| YOUR ASSIGNMENT |
Output all entries exactly as they appear and skip the pictures.

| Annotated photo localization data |
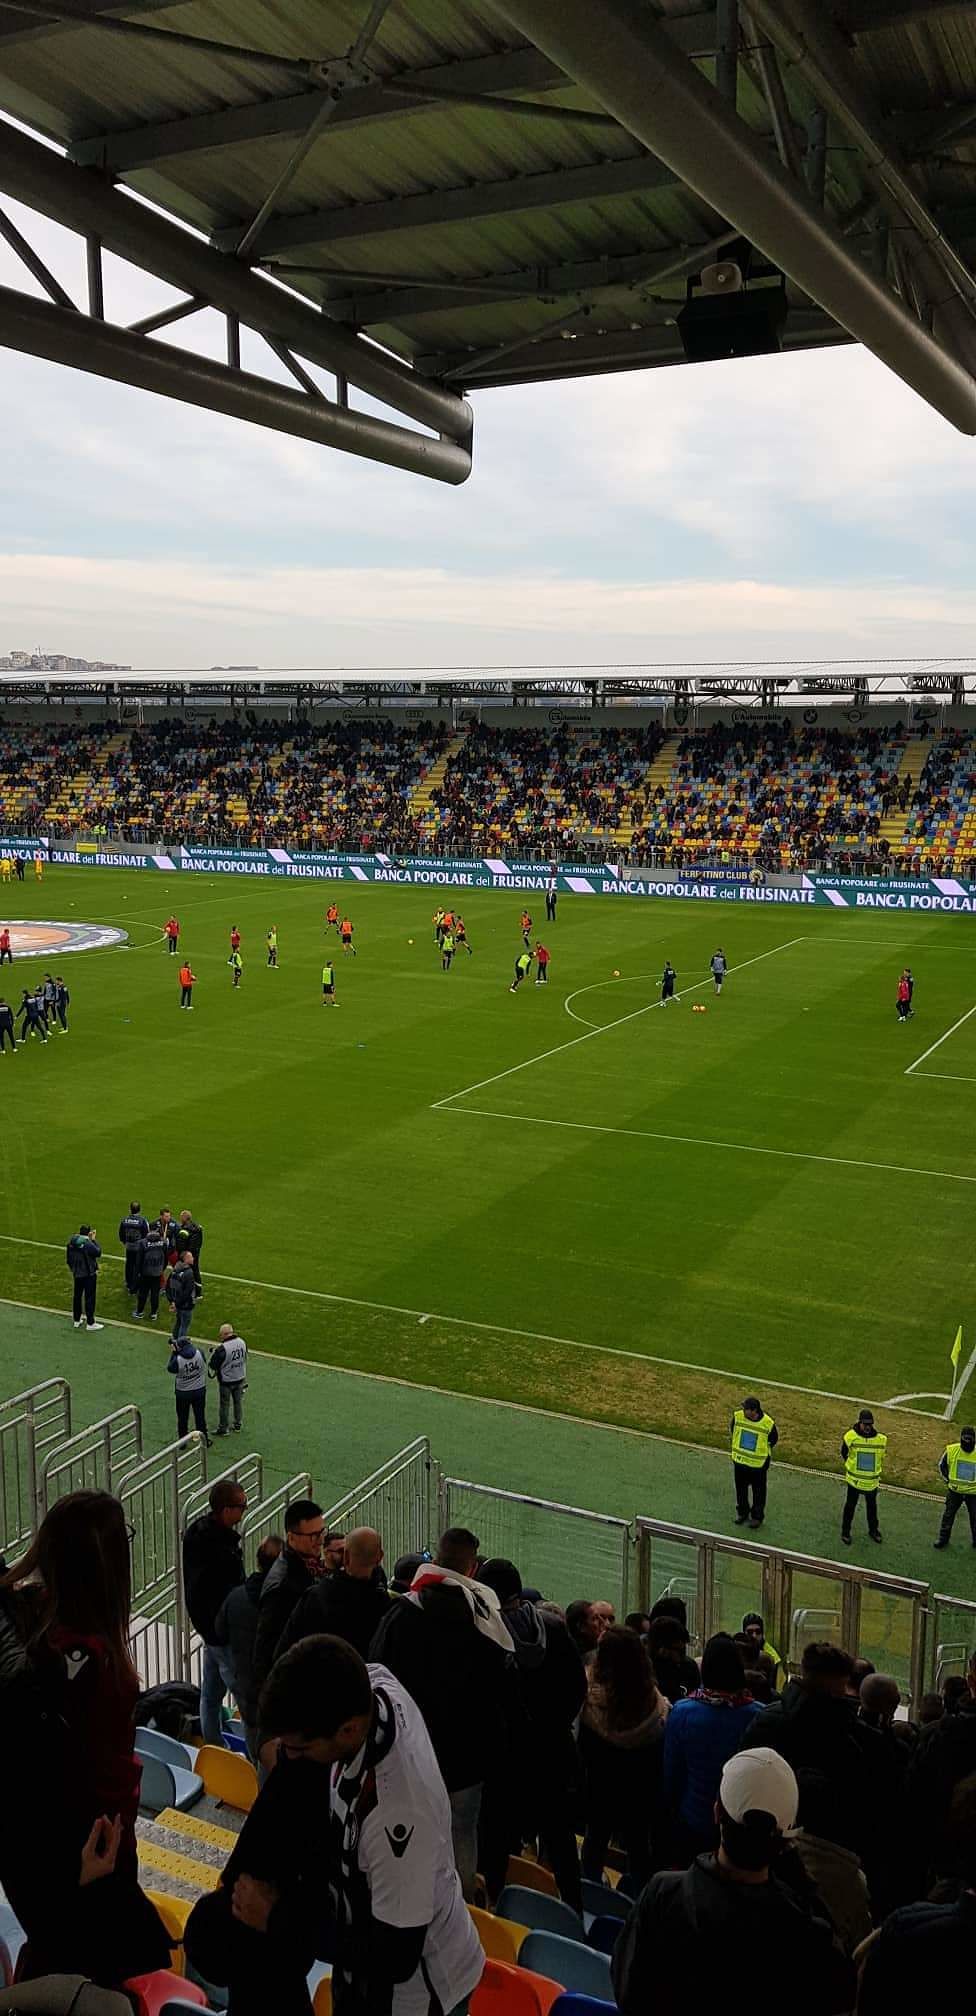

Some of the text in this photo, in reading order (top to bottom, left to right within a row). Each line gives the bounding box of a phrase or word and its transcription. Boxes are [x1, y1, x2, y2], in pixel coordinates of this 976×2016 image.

[1, 848, 32, 860] BANCA
[82, 855, 94, 864] del
[95, 855, 147, 866] FRUSINATE
[240, 850, 268, 858] FRUSINATE
[311, 854, 338, 862] POPOLARE
[181, 858, 344, 878] BANCA POPOLARE del FRUSINATE
[414, 859, 443, 867] POPOLARE
[452, 861, 483, 869] FRUSINATE
[572, 867, 606, 875] FRUSINATE
[726, 871, 748, 880] CLUB
[374, 868, 558, 889] BANCA POPOLARE del FRUSINATE
[816, 878, 840, 886] BANCA
[840, 879, 878, 887] POPOLARE
[889, 881, 930, 889] FRUSINATE
[602, 880, 816, 902] BANCA POPOLARE del FRUSINATE
[856, 892, 906, 907] BANCA
[231, 1347, 244, 1360] 231

| ANSWER BELOW |
Some of the text in this photo, in reading order (top to bottom, left to right within a row). Each line gives the bounding box of a phrase or word and its transcription. Boxes are [x1, y1, x2, y2], in pixel coordinates of this 976×2016 image.

[1, 848, 32, 860] BANCA
[82, 855, 94, 864] del
[95, 855, 147, 866] FRUSINATE
[240, 850, 268, 858] FRUSINATE
[311, 854, 338, 862] POPOLARE
[181, 858, 344, 878] BANCA POPOLARE del FRUSINATE
[414, 859, 443, 867] POPOLARE
[452, 861, 483, 869] FRUSINATE
[572, 867, 606, 875] FRUSINATE
[726, 871, 748, 880] CLUB
[374, 868, 558, 889] BANCA POPOLARE del FRUSINATE
[816, 878, 840, 886] BANCA
[840, 879, 878, 887] POPOLARE
[889, 881, 930, 889] FRUSINATE
[602, 880, 816, 902] BANCA POPOLARE del FRUSINATE
[856, 892, 906, 907] BANCA
[231, 1347, 244, 1360] 231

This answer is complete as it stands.